Court can order solicitor to attend wasted costs cross-examination

Saini: Right to require solicitor’s attendance

The court has the power to require a solicitor to attend court for cross-examination in respect of a wasted costs application, a High Court judge has ruled.

Mr Justice Saini said there was no rule or principle which prevented it and the wasted costs regime in CPR 46.8 was not a complete procedural code.

This meant it did not exclude the court’s general powers or the power under CPR 32.7 to require anyone who gives evidence in writing (other than at trial) to attend for cross-examination.

“This is often overlooked and is an important provision for those who choose to give interlocutory witness statements to bear in mind,” Saini J noted.

Hunt v Annolight Ltd & Ors [2020] EWHC 3744 (QB) – handed down in December but only just published – was an appeal against a decision of His Honour Judge Godsmark QC in Nottingham to order Abid Sarwar, supervising partner and director of Blackburn firm Walker Prestons, to attend the hearing of a number of wasted costs applications in order to be cross-examined by the defendants.

The firm represented John Hunt in a noise-induced hearing loss claim that was discontinued after he had falsely stated in his part 18 response that he had not been a director of one of the defendants at the material time – Mr Hunt said he did not sign the response, but the firm said he did.

In relation to another of the defendants, Mr Hunt put forward a “confused and contradictory” position over whether he had been provided with ear protection.

The defendants sought to disapply qualified one-way costs shifting and/or for the wasted costs of the proceedings to be paid by Walker Prestons.

In a further hearing, Mr Hunt “effectively” threw the firm “under the bus”, blaming it for what had happened, Saini J recorded.

The firm argued that there was no power to require the attendance of a legal representative, pointing to CPR 46.8(2), which provides: “The court will give the legal representative a reasonable opportunity to make written submissions or, if the legal representative prefers, to attend a hearing before it makes such an order.”

It said this was a complete code regulating the procedure for dealing with wasted costs applications.

However, Saini J agreed with an unreported 2011 decision of Mr Justice Underhill (as he then was), sitting in the Employment Appeal Tribunal, in which he found no rule or principle which deprived the court of the ability to require a legal representative to attend for cross-examination.

Underhill J underlined that in most cases cross-examination of such a representative would be inappropriate or disproportionate but held that as a matter of jurisdiction a court could permit it.

Saini J said this reasoning was “convincing and correct”, while CPR 32.7 would also have provided the judge with jurisdiction.

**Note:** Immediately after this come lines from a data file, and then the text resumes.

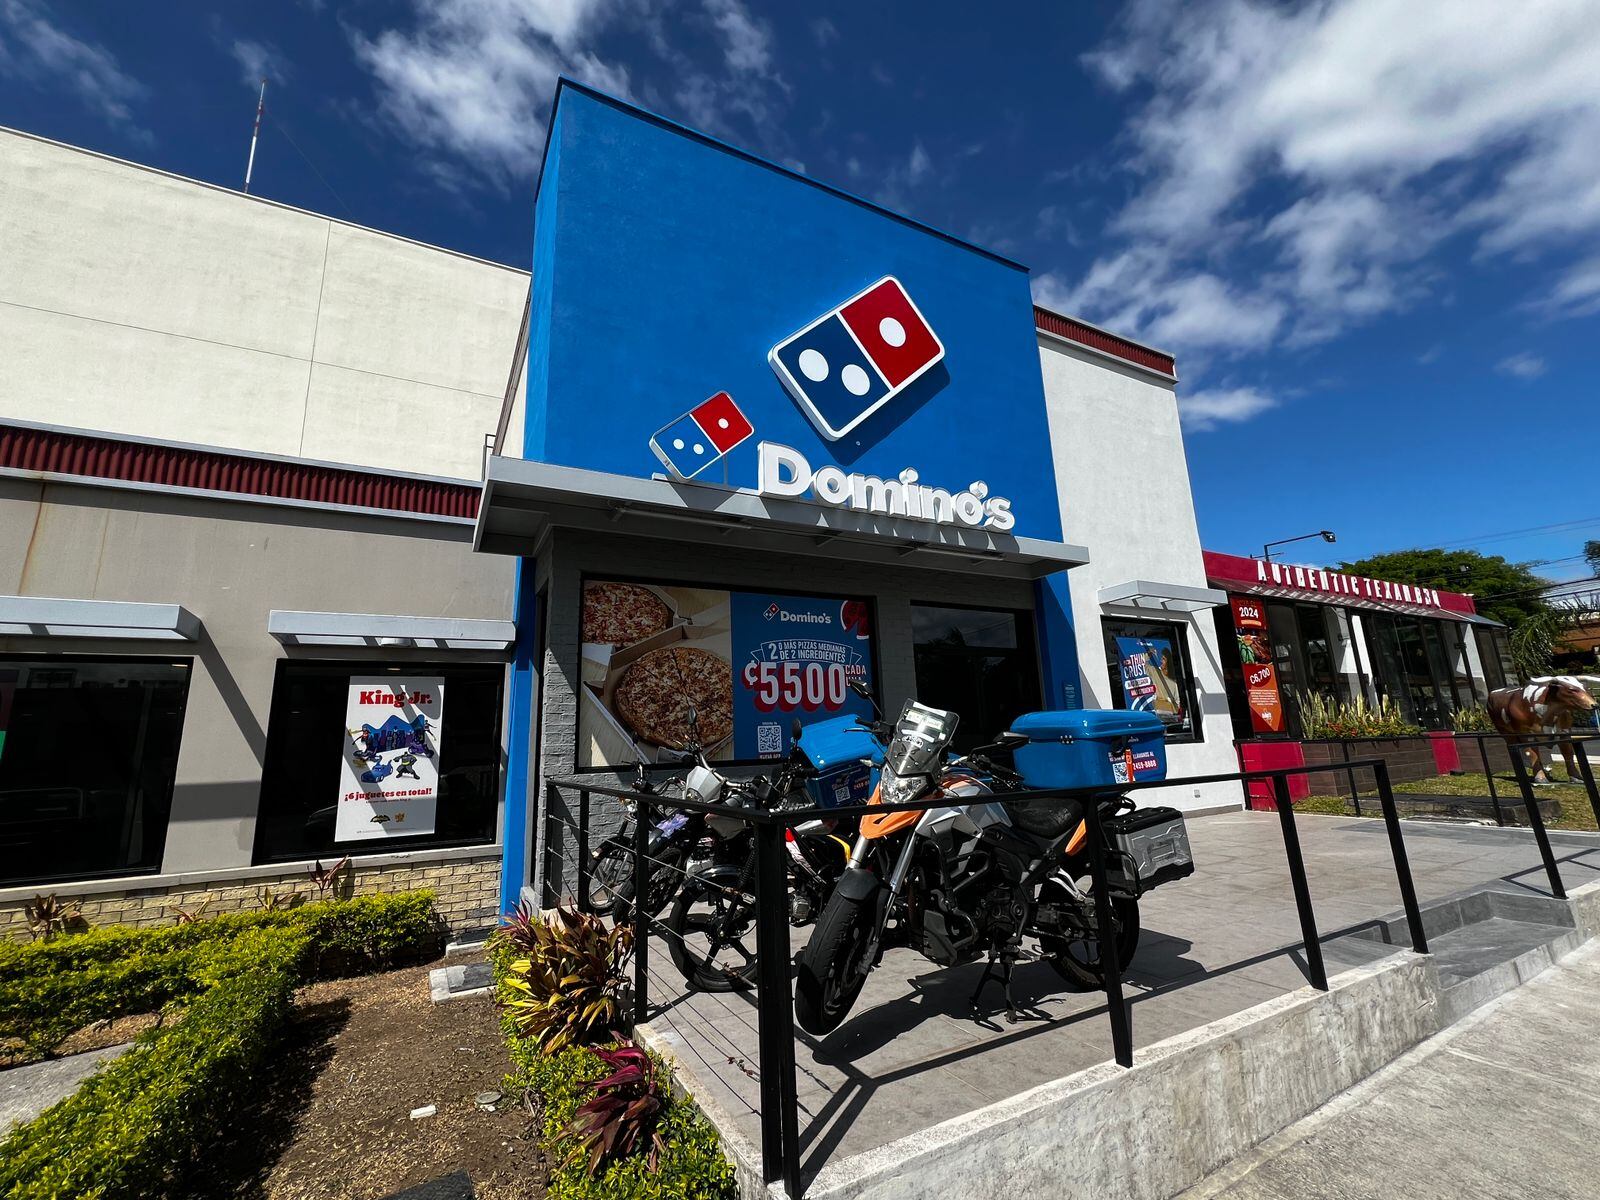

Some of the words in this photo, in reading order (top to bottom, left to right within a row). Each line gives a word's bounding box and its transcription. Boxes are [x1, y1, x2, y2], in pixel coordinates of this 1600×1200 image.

[757, 440, 1015, 530] Domino's
[1257, 560, 1359, 595] AUTHENTIC
[1363, 578, 1411, 602] TEXAN
[780, 610, 832, 624] Domino's
[1239, 606, 1259, 619] 2024
[768, 643, 778, 660] 2
[783, 640, 796, 650] MÁS
[798, 641, 817, 650] PIZZAS
[818, 643, 846, 653] MEDIANAS
[780, 650, 789, 660] DE
[791, 650, 796, 659] 2
[798, 649, 846, 663] INGREDIENTES
[1129, 653, 1146, 665] THIN
[845, 664, 866, 675] CADA
[1123, 664, 1146, 679] CRUST
[359, 690, 407, 708] King
[408, 691, 433, 704] Jr.
[355, 790, 394, 800] juguetes
[408, 788, 432, 796] total!
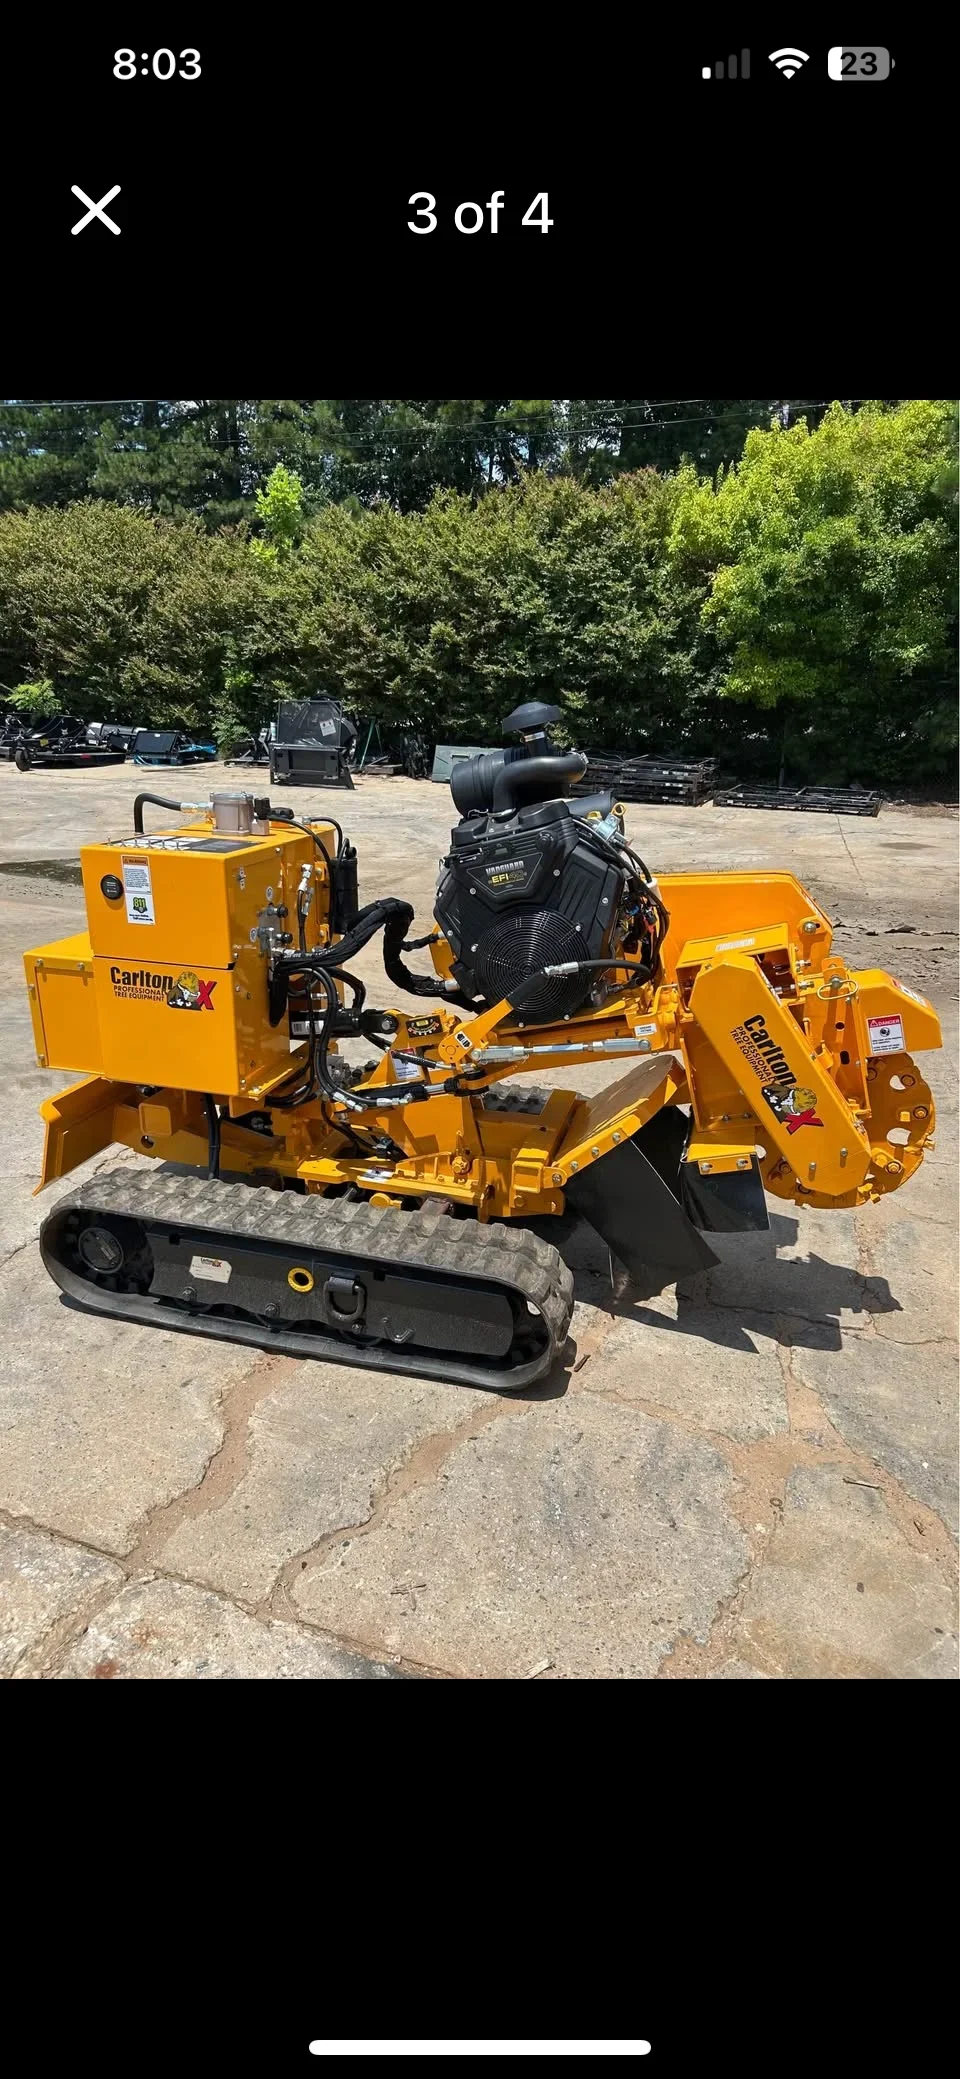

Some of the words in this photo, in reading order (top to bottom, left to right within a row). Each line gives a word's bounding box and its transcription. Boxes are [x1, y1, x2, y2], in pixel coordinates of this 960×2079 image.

[491, 873, 509, 883] EFI
[134, 898, 145, 908] 811
[110, 966, 173, 991] Carlton
[114, 985, 165, 996] PROFESSIONAL
[129, 993, 164, 1002] EQUIPMENT
[730, 1030, 744, 1045] TREE
[740, 1045, 768, 1083] EQUIPMENT
[736, 1026, 776, 1082] PROFESSIONAL
[743, 1014, 797, 1086] Carlton

“I reject the submission that the wasted costs regime in CPR 46.8 is a complete procedural code which would exclude the court’s CPR 32.7 power, or the general power identified by Underhill J.

“When a complete code is intended the rule drafters, they had made that clear: see CPR 36.1, for example.”

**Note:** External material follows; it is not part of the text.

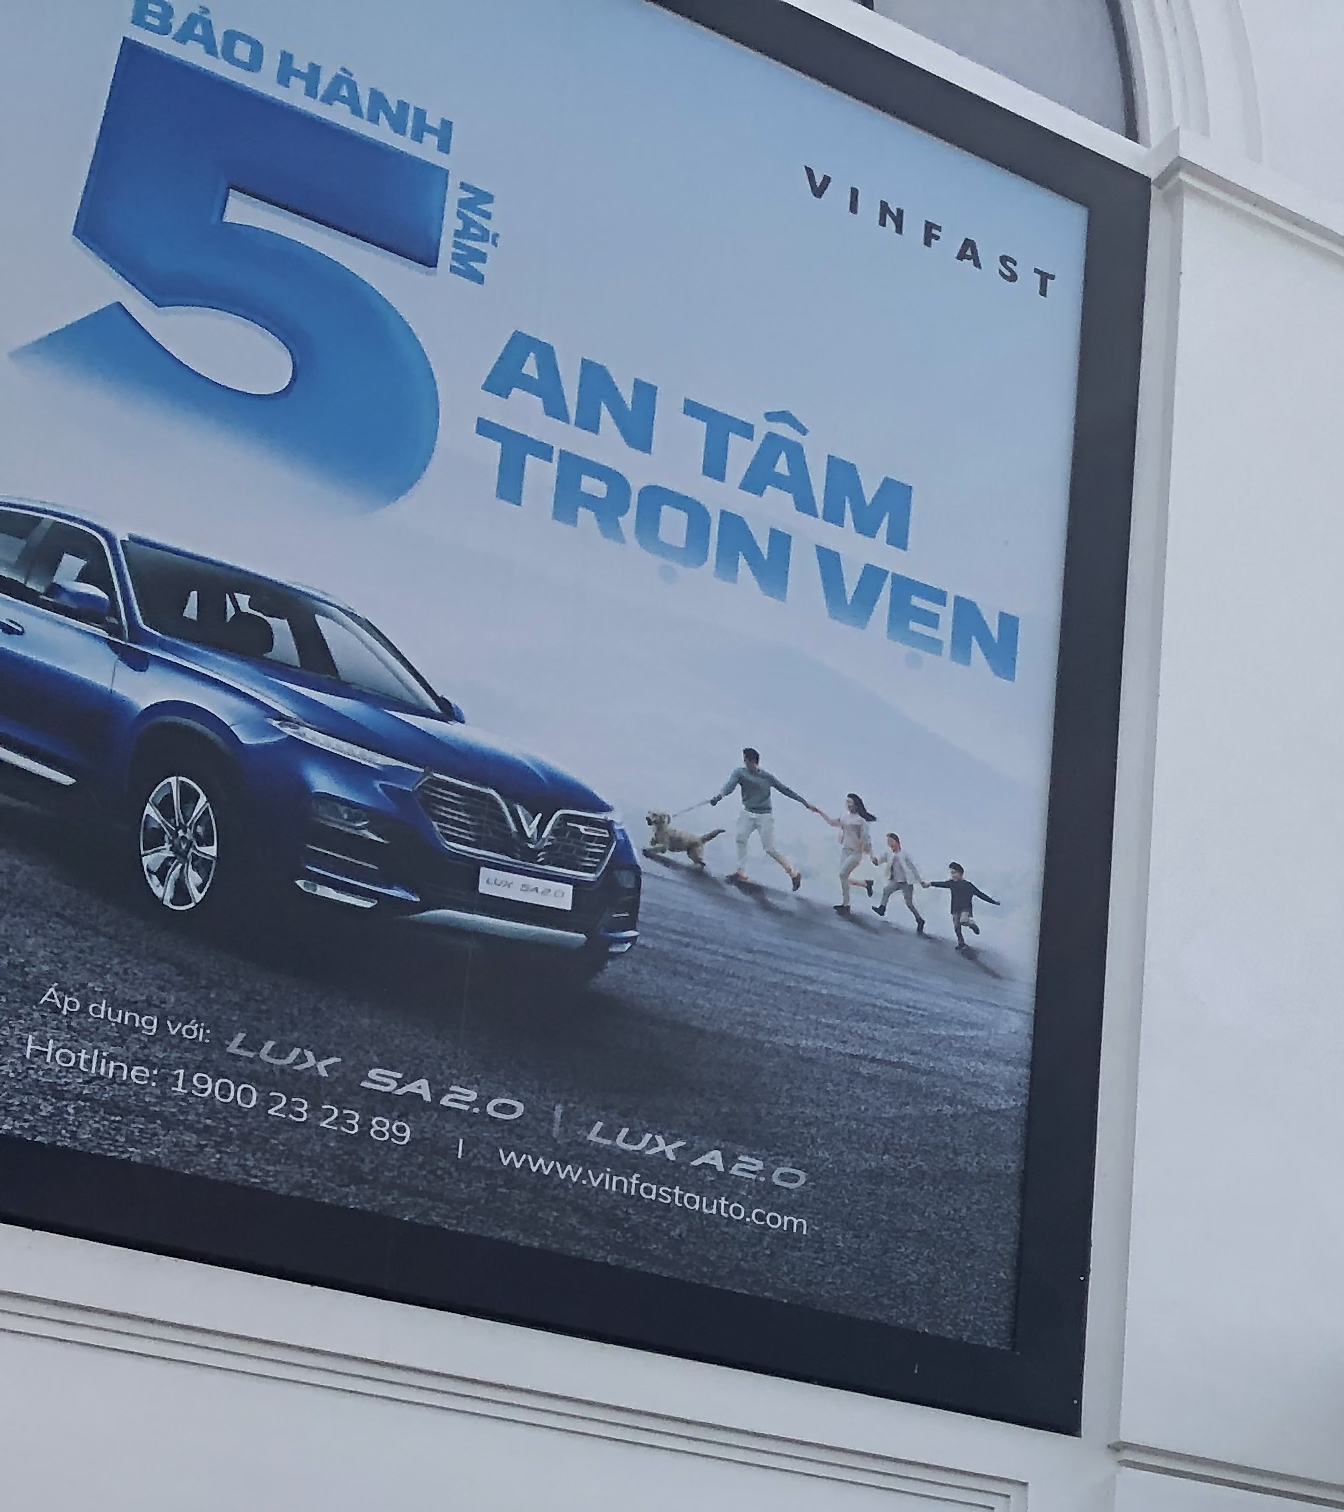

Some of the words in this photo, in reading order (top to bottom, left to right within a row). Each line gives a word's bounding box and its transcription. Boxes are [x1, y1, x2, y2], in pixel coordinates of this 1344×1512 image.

The judge went on that it was a proper exercise of discretion to require Mr Sarwar’s attendance.

“It is clear to me on even a brief perusal of the witness statements that there are radically different accounts given by Mr Sarwar (the firm) and Mr Hunt as to the facts which are central to certain of the issues to be determined by the judge on the hearing of the defendants’ applications.

“It may well be that it is rare to require the attendance of a representative to be cross-examined on an application of this type but in my judgment it is difficult to see how these issues could be resolved in a fair and proportionate way without oral evidence from Mr Sarwar.”